TASK INPUT:
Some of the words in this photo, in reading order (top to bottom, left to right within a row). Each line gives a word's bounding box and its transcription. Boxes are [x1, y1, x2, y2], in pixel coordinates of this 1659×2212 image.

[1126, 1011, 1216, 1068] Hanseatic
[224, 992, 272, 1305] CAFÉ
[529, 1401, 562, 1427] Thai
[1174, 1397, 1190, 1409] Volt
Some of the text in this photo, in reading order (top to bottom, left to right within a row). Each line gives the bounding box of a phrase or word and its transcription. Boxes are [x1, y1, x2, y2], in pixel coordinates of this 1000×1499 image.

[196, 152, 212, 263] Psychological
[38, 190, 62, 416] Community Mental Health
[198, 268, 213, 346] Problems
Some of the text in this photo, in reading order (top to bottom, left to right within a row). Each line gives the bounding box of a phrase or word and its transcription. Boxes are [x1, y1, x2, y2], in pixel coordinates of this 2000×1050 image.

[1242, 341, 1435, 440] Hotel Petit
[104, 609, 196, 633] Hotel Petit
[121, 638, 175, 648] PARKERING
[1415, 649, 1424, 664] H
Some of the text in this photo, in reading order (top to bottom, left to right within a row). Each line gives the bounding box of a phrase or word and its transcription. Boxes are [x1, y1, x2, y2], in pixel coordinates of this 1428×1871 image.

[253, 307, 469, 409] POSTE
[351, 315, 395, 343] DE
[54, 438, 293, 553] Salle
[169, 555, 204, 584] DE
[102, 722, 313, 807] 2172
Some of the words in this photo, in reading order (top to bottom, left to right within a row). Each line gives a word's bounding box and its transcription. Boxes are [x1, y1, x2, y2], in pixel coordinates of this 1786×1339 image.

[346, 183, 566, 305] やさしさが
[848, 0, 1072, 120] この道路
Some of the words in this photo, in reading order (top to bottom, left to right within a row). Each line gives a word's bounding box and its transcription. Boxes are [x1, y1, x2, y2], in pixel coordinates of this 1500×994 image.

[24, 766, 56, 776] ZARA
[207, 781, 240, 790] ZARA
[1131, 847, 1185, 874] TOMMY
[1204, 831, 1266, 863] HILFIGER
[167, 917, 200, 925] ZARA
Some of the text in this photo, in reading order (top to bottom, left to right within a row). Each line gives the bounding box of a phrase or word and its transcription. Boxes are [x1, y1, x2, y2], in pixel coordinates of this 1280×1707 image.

PROBLEM DESCRIPTION:
Write all the data out again, word for word.

ANSWER SPACE:
Some of the words in this photo, in reading order (top to bottom, left to right within a row). Each line gives a word's bounding box and its transcription. Boxes are [x1, y1, x2, y2], in pixel coordinates of this 1659×2212 image.

[1126, 1011, 1216, 1068] Hanseatic
[224, 992, 272, 1305] CAFÉ
[529, 1401, 562, 1427] Thai
[1174, 1397, 1190, 1409] Volt
Some of the text in this photo, in reading order (top to bottom, left to right within a row). Each line gives the bounding box of a phrase or word and its transcription. Boxes are [x1, y1, x2, y2], in pixel coordinates of this 1000×1499 image.

[196, 152, 212, 263] Psychological
[38, 190, 62, 416] Community Mental Health
[198, 268, 213, 346] Problems
Some of the text in this photo, in reading order (top to bottom, left to right within a row). Each line gives the bounding box of a phrase or word and its transcription. Boxes are [x1, y1, x2, y2], in pixel coordinates of this 2000×1050 image.

[1242, 341, 1435, 440] Hotel Petit
[104, 609, 196, 633] Hotel Petit
[121, 638, 175, 648] PARKERING
[1415, 649, 1424, 664] H
Some of the text in this photo, in reading order (top to bottom, left to right within a row). Each line gives the bounding box of a phrase or word and its transcription. Boxes are [x1, y1, x2, y2], in pixel coordinates of this 1428×1871 image.

[253, 307, 469, 409] POSTE
[351, 315, 395, 343] DE
[54, 438, 293, 553] Salle
[169, 555, 204, 584] DE
[102, 722, 313, 807] 2172
Some of the words in this photo, in reading order (top to bottom, left to right within a row). Each line gives a word's bounding box and its transcription. Boxes are [x1, y1, x2, y2], in pixel coordinates of this 1786×1339 image.

[346, 183, 566, 305] やさしさが
[848, 0, 1072, 120] この道路
Some of the words in this photo, in reading order (top to bottom, left to right within a row). Each line gives a word's bounding box and its transcription. Boxes are [x1, y1, x2, y2], in pixel coordinates of this 1500×994 image.

[24, 766, 56, 776] ZARA
[207, 781, 240, 790] ZARA
[1131, 847, 1185, 874] TOMMY
[1204, 831, 1266, 863] HILFIGER
[167, 917, 200, 925] ZARA
Some of the text in this photo, in reading order (top to bottom, left to right within a row). Each line gives the bounding box of a phrase or word and its transcription. Boxes are [x1, y1, x2, y2], in pixel coordinates of this 1280×1707 image.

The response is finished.